Mit den Zusatzbeiträgen werde ein "Weg zur Entsolidarisierung beschritten", der einseitig die Versicherten belaste, sagt die gesundheitspolitische Sprecherin der Grünen-Bundestagsfraktion, Birgitt Bender. Sie gehe davon aus, dass Gesundheitsminister Rösler diese "kleine Kopfpauschale als Testfeld ansieht für eine große Kopfpauschale".

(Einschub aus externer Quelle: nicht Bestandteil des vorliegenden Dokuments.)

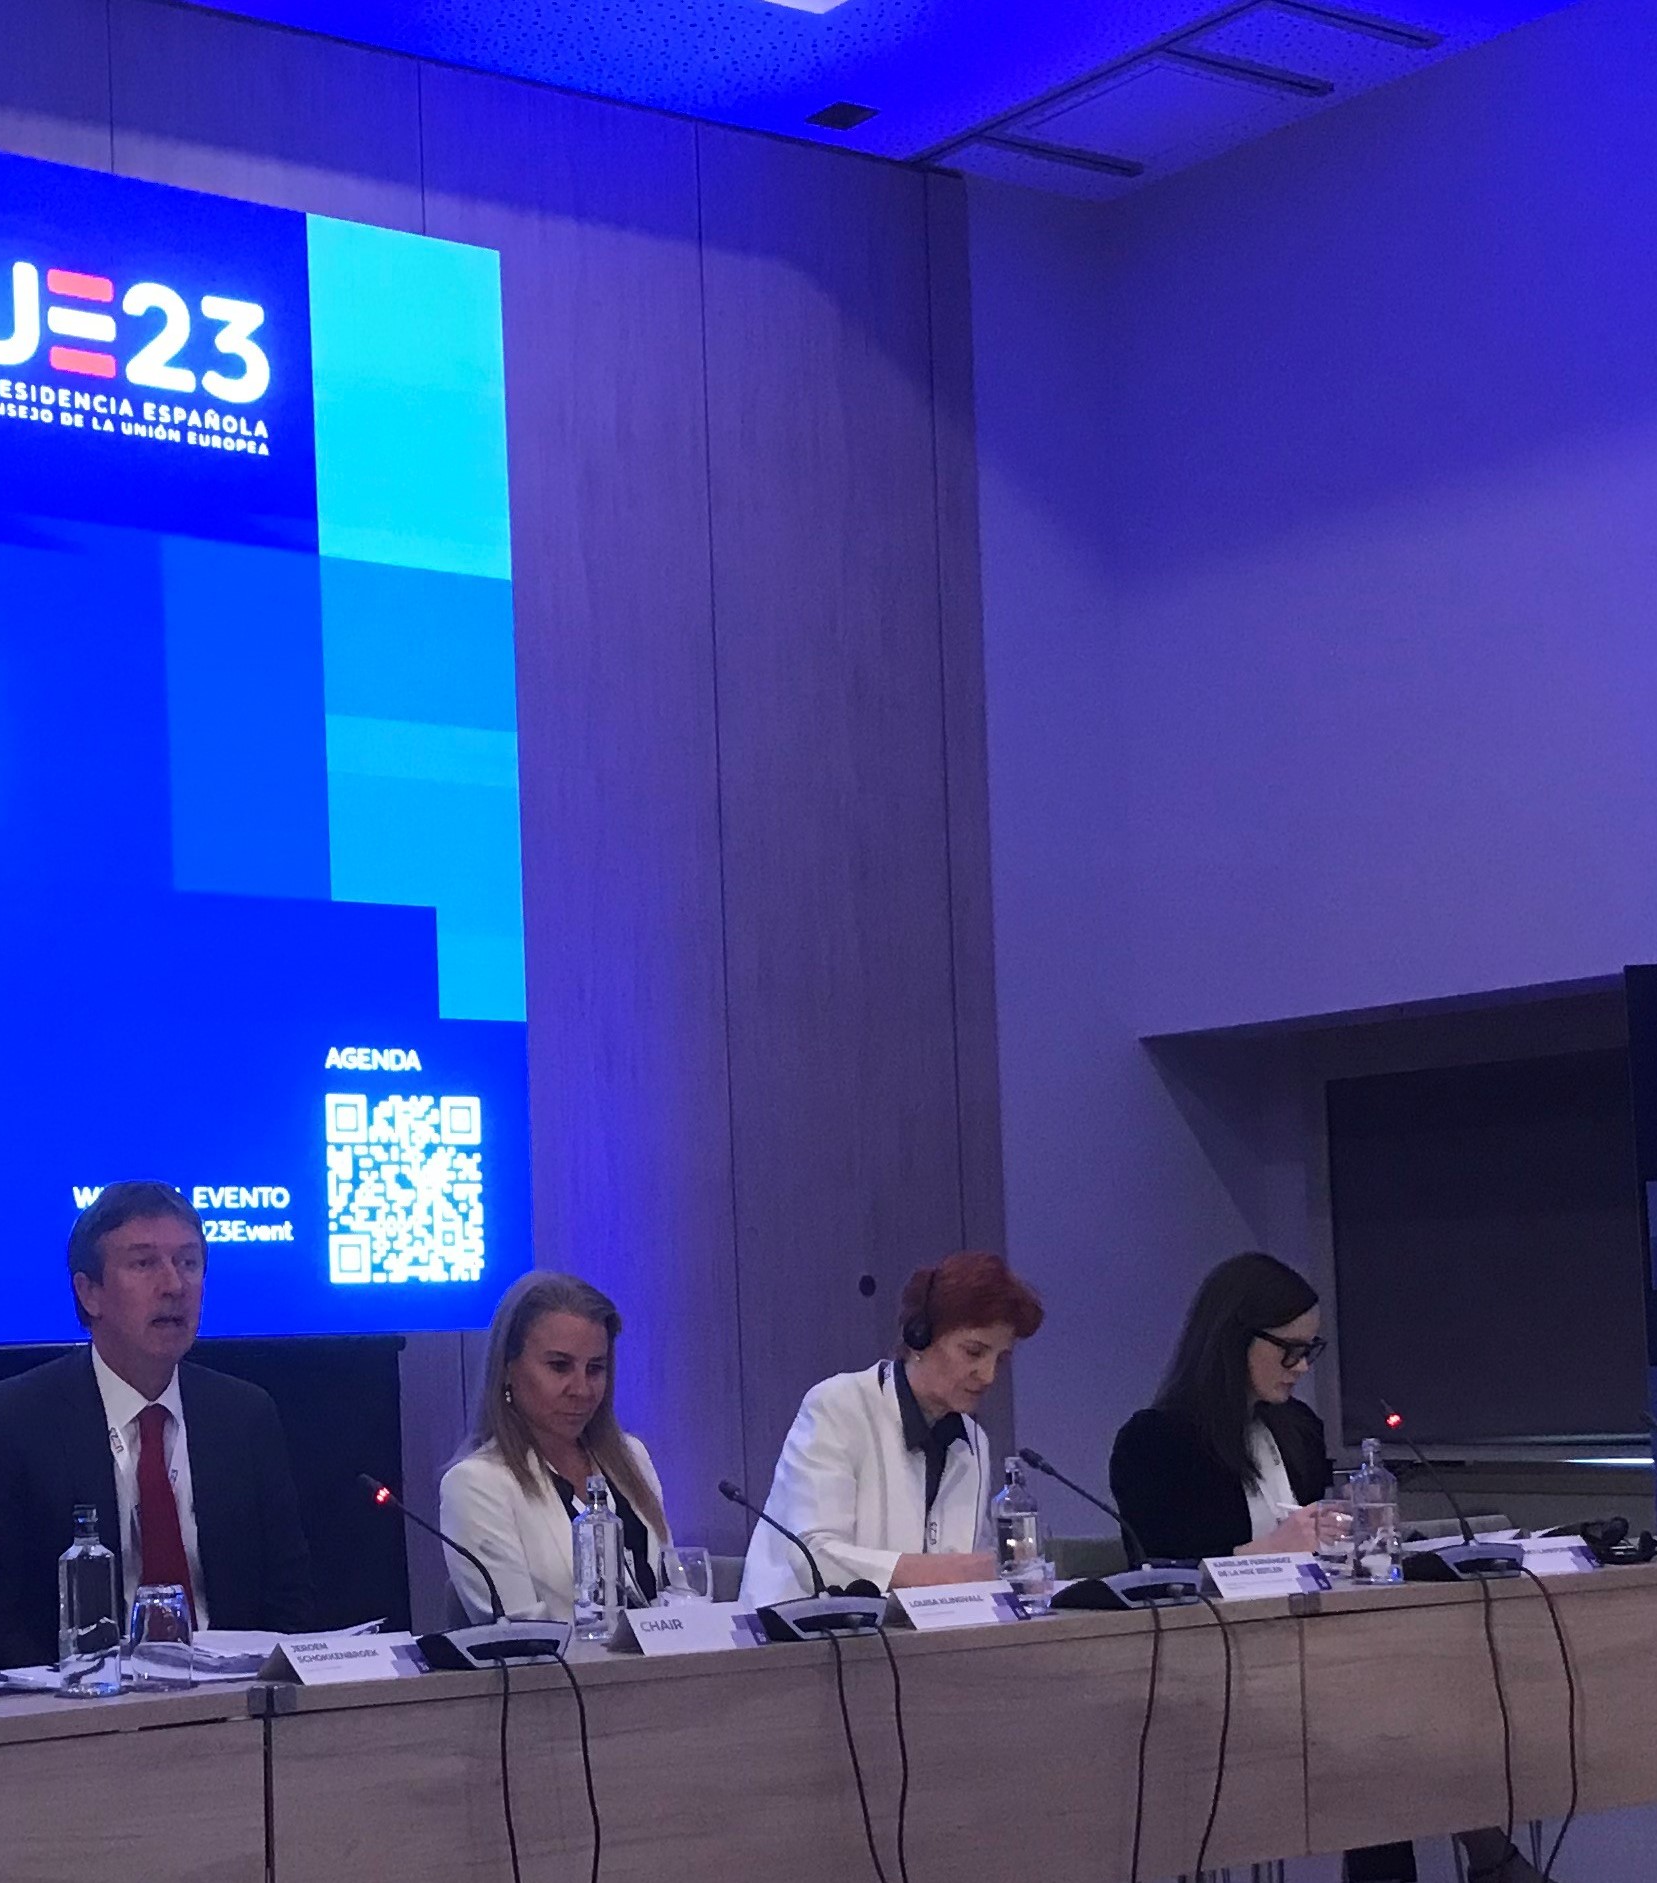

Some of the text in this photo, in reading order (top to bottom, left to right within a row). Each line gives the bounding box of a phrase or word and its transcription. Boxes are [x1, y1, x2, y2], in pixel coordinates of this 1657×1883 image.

[143, 402, 269, 439] ESPAÑOLA
[60, 411, 84, 428] DE
[91, 416, 115, 433] LA
[121, 421, 181, 443] UNIÓN
[187, 431, 269, 456] EUROPEA
[324, 1046, 422, 1072] AGENDA
[192, 1186, 290, 1209] EVENTO
[202, 1220, 295, 1242] 23Event
[639, 1618, 684, 1633] CHAIR

Birgitt Bender im Gespräch mit Gerd Breker | 05.02.2010
    Gerd Breker: Im Streit über die Zusatzbeiträge werfen die Apotheker den gesetzlichen Krankenkassen eine Verschleierung ihrer Finanzlage vor. Der Vorsitzende des Deutschen Apothekerverbandes Fritz Becker sagte der "Bild"-Zeitung von heute, die Krankenkassen würden Einsparungen durch Arzneimittelrabattverträge nicht an die Versicherten weitergeben. Mit dem Geld könnten Millionen Versicherte entlastet werden, die jetzt von Zusatzbeiträgen bedroht sind. Mehrere Kassen wollen ja von ihren Mitgliedern Zusatzbeiträge erheben, die auch den bislang erwarteten Umfang von acht Euro überschreiten. Zusatzbeiträge müssen Kassen immer dann erheben, wenn sie mit dem Geld aus dem Gesundheitsfonds nicht auskommen.

    Am Telefon sind wir nun verbunden mit Birgitt Bender, sie ist die gesundheitspolitische Sprecherin von Bündnis 90/Die Grünen. Guten Tag, Frau Bender.

    Birgitt Bender: Guten Tag, Herr Breker.

    Breker: Auf vier Milliarden Euro wird das Defizit der Krankenkassen geschätzt. Als Kostentreiber galten bislang die Arzneimittel, die Krankenhäuser und die Ärztehonorare. Kommen nun die Krankenkassen selber mit hinzu?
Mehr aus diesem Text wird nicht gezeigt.